Abschluss des „Zeitensprünge“-Projektes - Jugendgeschichtstage in Potsdam

Zum Abschluss unse­res „Zeitensprünge“-Projektes „Fluchtgeschichte(n) 1945 und 1989“ fuh­ren Lau­ra und ich am 18.11.2016 mit den pol­ni­schen Pro­jekt­teil­neh­mern, Pani Ania, Kasia und Frau Koch nach Pots­dam.

Um 11:00 Uhr wur­den alle „Zeitensprünge“-Teams im Bran­den­bur­gi­schen Land­tag vom Vize­prä­si­den­ten des Land­tags, Herrn Dom­brow­ski, emp­fan­gen.

Kurz­wei­lig und inter­es­sant wur­de der Emp­fang durch den Auf­tritt des Rap­pers Four­tyt­wo und eine sze­ni­sche Lesung der Zei­ten­sprin­ger des ehe­ma­li­gen Zucht­hau­ses Cott­bus.
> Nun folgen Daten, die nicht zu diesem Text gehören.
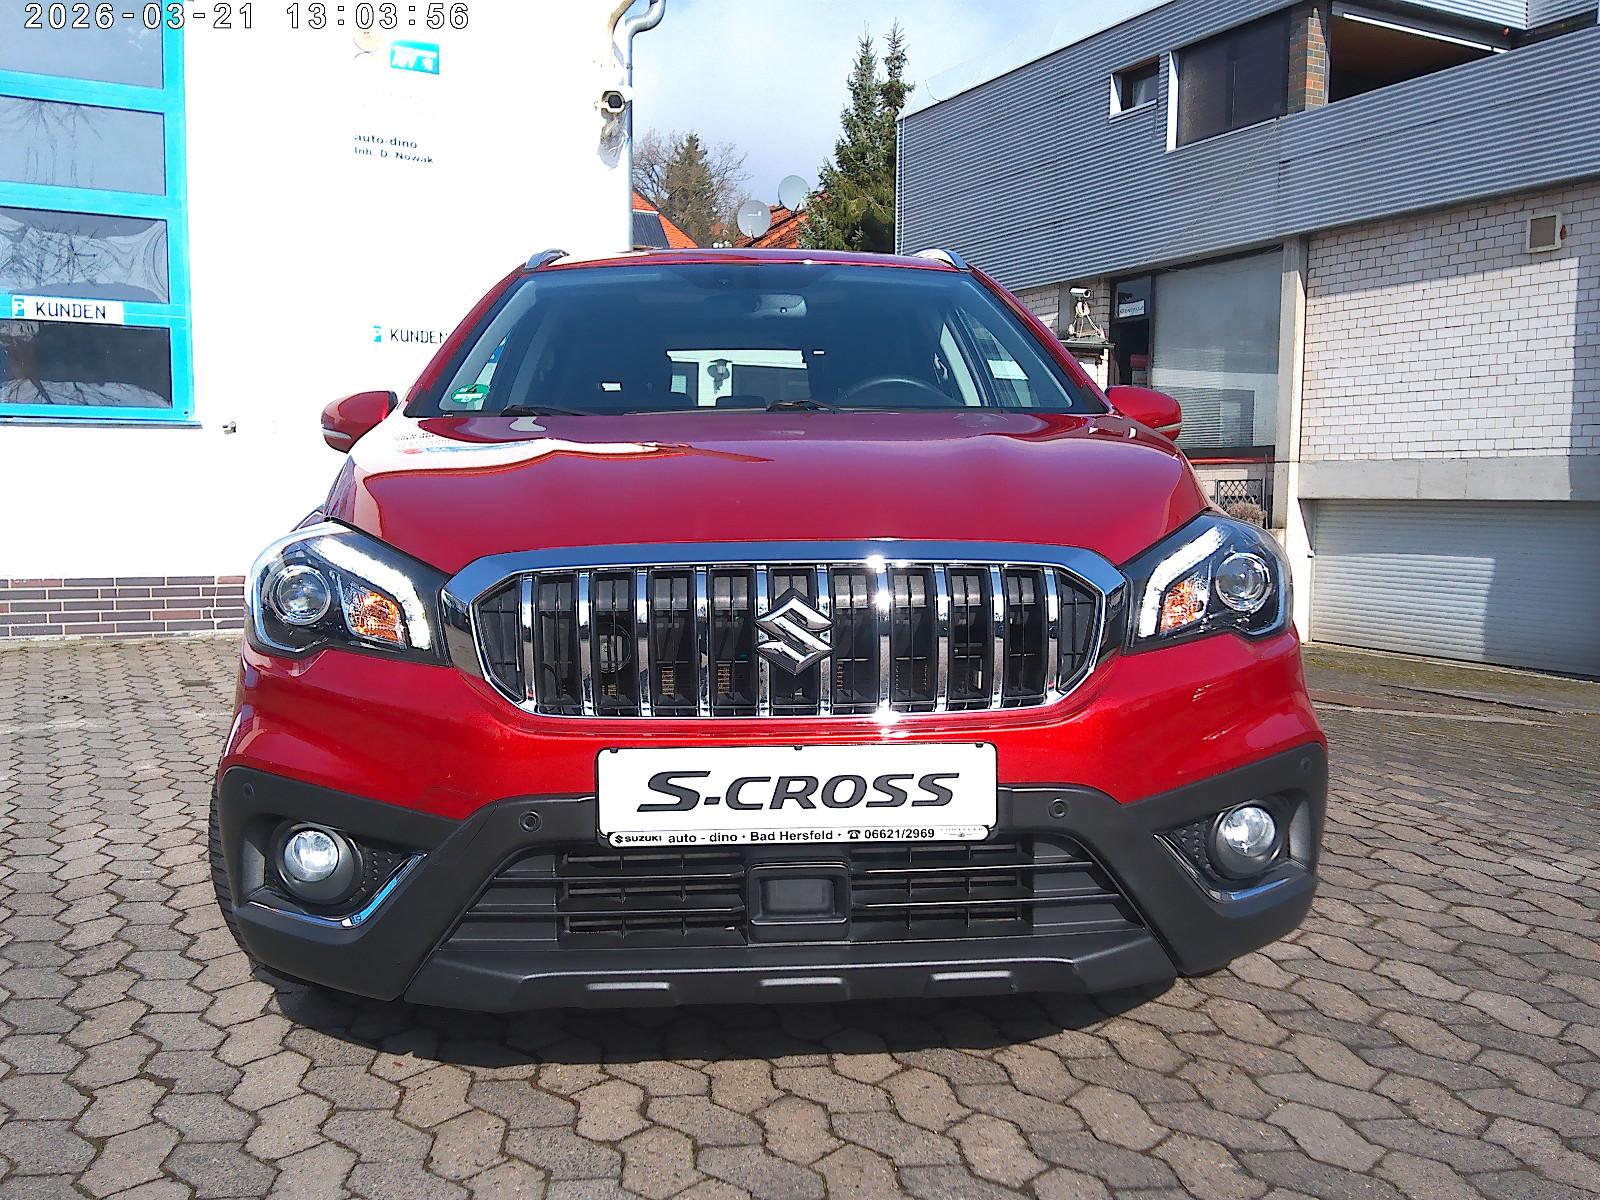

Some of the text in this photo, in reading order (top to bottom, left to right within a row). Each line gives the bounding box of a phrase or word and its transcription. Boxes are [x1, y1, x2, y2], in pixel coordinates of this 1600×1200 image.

Danach gab es ein lecke­res Steh­ban­kett. Nach­mit­tags beka­men wir zusam­men mit der pol­ni­schen Grup­pe eine sehr inter­es­san­te Füh­rung durch Pots­dam. So spa­zier­ten wir unter ande­rem auch durch den Park des Schlos­ses Sans­sou­ci, wo unse­re Füh­rung ende­te.

Dann fuh­ren wir wie­der zu den ande­ren Zei­ten­sprin­gern ins Pots­dam-Muse­um. Dort gab es Kaf­fee und Kuchen. Danach ging es Shop­pen. Nach etwa zwei Stun­den tra­fen wir uns wie­der am Land­tag, wo es für jeden einen lecke­ren Bur­ger gab. 19:00 Uhr fuh­ren wir zu unse­rer Jugend­her­ber­ge und lie­ßen dort den Abend aus­klin­gen.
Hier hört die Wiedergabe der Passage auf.